(Record excerpts Opens)

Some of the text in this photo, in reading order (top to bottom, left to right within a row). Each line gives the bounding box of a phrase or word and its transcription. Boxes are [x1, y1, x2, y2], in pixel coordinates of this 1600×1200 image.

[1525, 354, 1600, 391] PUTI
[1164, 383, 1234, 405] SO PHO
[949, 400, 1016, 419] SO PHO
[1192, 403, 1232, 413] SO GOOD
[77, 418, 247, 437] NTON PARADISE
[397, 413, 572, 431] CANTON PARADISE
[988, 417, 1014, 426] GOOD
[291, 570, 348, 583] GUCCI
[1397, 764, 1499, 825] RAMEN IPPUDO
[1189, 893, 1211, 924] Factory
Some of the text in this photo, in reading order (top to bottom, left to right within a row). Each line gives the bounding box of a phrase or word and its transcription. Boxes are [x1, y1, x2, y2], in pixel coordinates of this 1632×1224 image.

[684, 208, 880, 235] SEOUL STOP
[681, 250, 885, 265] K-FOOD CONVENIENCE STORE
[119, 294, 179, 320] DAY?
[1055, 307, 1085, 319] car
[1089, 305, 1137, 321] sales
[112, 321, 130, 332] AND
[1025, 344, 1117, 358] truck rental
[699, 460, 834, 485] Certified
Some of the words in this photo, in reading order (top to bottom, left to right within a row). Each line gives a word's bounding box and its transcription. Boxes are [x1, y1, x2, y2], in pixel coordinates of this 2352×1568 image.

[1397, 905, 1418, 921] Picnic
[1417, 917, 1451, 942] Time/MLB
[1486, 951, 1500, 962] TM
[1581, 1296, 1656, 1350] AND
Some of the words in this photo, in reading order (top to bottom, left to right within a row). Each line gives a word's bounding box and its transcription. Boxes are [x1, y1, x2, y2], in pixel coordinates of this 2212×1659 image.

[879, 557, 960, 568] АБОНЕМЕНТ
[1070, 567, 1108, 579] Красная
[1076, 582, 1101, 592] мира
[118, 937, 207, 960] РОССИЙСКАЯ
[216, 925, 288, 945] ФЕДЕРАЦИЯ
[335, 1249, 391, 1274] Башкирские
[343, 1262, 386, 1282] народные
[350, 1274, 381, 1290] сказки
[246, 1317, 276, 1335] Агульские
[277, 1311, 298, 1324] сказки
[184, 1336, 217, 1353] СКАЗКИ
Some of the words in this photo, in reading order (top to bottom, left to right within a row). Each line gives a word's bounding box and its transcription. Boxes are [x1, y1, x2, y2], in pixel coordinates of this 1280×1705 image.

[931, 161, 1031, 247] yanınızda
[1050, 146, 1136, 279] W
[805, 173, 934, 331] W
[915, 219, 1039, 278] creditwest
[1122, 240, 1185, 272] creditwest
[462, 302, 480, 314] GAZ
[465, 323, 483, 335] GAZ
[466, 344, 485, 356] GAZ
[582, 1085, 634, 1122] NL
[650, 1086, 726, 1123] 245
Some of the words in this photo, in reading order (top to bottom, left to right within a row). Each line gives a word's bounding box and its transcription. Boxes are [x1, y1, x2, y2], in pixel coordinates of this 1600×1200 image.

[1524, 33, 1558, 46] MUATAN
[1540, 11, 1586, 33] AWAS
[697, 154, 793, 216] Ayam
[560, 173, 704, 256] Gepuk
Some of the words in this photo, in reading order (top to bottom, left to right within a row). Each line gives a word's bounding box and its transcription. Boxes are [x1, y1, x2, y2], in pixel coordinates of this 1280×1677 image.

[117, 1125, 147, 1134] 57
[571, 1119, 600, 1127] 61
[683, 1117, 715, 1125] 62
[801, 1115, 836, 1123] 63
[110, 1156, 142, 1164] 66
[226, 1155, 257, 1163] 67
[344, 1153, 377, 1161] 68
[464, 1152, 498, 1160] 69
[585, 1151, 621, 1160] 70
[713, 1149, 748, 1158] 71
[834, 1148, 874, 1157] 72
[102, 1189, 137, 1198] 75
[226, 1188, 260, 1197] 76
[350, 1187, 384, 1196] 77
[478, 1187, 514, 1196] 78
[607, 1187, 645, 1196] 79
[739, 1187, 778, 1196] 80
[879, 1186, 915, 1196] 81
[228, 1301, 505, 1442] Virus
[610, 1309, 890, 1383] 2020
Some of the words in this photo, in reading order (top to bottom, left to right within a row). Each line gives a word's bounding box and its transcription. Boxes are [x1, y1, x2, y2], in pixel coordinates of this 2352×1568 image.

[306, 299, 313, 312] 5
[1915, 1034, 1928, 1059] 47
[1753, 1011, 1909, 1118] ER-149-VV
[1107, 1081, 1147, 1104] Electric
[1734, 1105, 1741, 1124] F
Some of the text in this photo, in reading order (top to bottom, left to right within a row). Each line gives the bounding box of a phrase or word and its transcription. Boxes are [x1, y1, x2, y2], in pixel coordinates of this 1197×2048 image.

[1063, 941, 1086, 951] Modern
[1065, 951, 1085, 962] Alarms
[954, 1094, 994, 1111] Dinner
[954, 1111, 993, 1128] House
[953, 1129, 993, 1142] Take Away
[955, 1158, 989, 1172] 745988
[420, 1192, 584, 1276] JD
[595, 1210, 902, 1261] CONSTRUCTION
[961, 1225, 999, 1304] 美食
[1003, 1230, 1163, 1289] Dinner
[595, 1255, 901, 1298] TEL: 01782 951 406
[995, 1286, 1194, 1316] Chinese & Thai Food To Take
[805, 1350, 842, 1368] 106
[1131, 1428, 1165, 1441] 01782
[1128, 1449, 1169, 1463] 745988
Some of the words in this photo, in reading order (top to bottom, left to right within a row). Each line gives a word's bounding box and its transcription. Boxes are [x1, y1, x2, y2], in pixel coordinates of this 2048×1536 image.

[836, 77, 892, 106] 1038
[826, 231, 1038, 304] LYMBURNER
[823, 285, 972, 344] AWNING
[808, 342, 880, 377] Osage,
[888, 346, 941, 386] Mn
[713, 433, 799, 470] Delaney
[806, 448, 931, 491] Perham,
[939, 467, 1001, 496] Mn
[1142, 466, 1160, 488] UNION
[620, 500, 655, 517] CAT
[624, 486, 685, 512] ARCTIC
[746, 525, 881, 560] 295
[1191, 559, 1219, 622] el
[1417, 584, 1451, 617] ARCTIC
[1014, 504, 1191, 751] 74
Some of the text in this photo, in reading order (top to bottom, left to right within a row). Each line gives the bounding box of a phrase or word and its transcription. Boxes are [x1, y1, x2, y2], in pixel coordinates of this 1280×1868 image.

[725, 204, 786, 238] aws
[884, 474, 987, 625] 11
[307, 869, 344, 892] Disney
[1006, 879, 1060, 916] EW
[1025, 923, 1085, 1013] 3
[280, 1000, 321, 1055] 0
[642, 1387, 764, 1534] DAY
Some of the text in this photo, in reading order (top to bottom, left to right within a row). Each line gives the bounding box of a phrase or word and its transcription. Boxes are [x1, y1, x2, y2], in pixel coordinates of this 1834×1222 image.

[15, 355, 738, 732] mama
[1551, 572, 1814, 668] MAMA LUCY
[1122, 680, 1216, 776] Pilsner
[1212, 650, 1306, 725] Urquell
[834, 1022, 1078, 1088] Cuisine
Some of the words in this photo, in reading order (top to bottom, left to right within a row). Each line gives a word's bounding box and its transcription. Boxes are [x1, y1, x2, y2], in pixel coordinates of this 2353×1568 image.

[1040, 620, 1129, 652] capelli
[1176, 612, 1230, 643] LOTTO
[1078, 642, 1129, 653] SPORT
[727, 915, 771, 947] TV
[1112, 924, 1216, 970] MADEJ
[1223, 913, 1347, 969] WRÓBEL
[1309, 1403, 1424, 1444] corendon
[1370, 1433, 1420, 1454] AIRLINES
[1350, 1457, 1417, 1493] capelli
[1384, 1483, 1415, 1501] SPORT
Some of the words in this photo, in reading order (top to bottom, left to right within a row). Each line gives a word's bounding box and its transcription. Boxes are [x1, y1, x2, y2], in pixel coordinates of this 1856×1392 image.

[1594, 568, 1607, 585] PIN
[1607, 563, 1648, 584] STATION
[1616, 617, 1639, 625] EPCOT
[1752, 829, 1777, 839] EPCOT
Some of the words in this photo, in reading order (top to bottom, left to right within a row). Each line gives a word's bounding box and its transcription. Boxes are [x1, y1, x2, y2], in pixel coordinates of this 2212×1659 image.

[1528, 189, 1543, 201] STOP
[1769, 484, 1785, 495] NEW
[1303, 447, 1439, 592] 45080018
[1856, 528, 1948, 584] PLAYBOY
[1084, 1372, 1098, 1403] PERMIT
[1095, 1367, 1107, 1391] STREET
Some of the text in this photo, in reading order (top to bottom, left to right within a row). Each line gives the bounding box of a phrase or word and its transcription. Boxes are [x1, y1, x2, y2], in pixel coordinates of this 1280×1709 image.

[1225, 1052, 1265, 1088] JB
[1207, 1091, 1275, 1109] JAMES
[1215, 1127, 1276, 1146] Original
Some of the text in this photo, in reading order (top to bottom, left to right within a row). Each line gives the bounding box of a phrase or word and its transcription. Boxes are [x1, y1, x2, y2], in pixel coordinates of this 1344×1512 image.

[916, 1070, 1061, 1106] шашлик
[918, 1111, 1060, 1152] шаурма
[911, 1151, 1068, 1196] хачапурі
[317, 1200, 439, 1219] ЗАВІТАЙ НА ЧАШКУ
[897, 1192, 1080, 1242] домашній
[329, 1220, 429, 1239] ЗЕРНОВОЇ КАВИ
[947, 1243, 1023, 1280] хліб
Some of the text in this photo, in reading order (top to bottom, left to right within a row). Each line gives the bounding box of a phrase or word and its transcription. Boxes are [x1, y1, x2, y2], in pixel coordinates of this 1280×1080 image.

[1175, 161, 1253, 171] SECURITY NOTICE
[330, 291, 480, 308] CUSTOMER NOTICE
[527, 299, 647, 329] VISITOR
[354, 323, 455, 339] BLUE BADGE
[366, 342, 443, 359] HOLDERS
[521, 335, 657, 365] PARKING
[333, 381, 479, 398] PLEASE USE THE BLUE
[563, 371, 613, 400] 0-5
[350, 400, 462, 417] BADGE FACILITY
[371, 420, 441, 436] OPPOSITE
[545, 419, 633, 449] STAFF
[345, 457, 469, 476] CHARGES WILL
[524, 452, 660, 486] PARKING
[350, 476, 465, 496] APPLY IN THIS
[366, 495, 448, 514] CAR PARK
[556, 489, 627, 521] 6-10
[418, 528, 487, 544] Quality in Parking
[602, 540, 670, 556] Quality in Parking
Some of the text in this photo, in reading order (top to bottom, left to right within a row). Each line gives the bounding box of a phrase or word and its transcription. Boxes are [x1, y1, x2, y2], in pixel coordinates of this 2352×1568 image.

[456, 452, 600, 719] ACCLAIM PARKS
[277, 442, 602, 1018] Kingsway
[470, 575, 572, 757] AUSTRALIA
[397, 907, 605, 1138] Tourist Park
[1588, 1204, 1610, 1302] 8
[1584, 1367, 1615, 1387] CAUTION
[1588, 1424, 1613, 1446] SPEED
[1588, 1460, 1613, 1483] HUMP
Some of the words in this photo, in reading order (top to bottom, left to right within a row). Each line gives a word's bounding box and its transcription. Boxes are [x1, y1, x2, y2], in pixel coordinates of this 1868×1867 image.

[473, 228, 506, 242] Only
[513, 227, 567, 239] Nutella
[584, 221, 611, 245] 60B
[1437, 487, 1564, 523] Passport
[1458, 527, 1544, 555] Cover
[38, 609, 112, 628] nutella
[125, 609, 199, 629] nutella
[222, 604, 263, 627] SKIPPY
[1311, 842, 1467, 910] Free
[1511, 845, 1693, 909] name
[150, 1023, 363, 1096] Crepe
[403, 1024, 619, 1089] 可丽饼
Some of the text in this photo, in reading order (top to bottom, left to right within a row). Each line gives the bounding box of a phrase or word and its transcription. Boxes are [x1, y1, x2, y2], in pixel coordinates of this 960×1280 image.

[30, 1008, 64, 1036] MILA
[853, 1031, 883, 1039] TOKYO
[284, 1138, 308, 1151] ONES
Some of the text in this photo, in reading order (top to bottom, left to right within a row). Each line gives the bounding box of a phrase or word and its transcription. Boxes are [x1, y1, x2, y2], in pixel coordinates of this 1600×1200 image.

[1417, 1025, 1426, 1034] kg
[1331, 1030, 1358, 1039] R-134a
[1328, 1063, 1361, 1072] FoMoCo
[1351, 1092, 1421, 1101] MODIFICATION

(Record excerpts Closes)

Please copy nothing but the lines from the one that holds "this 960×1280 image." through the last line of the material above, exactly as written.

Some of the text in this photo, in reading order (top to bottom, left to right within a row). Each line gives the bounding box of a phrase or word and its transcription. Boxes are [x1, y1, x2, y2], in pixel coordinates of this 960×1280 image.

[30, 1008, 64, 1036] MILA
[853, 1031, 883, 1039] TOKYO
[284, 1138, 308, 1151] ONES
Some of the text in this photo, in reading order (top to bottom, left to right within a row). Each line gives the bounding box of a phrase or word and its transcription. Boxes are [x1, y1, x2, y2], in pixel coordinates of this 1600×1200 image.

[1417, 1025, 1426, 1034] kg
[1331, 1030, 1358, 1039] R-134a
[1328, 1063, 1361, 1072] FoMoCo
[1351, 1092, 1421, 1101] MODIFICATION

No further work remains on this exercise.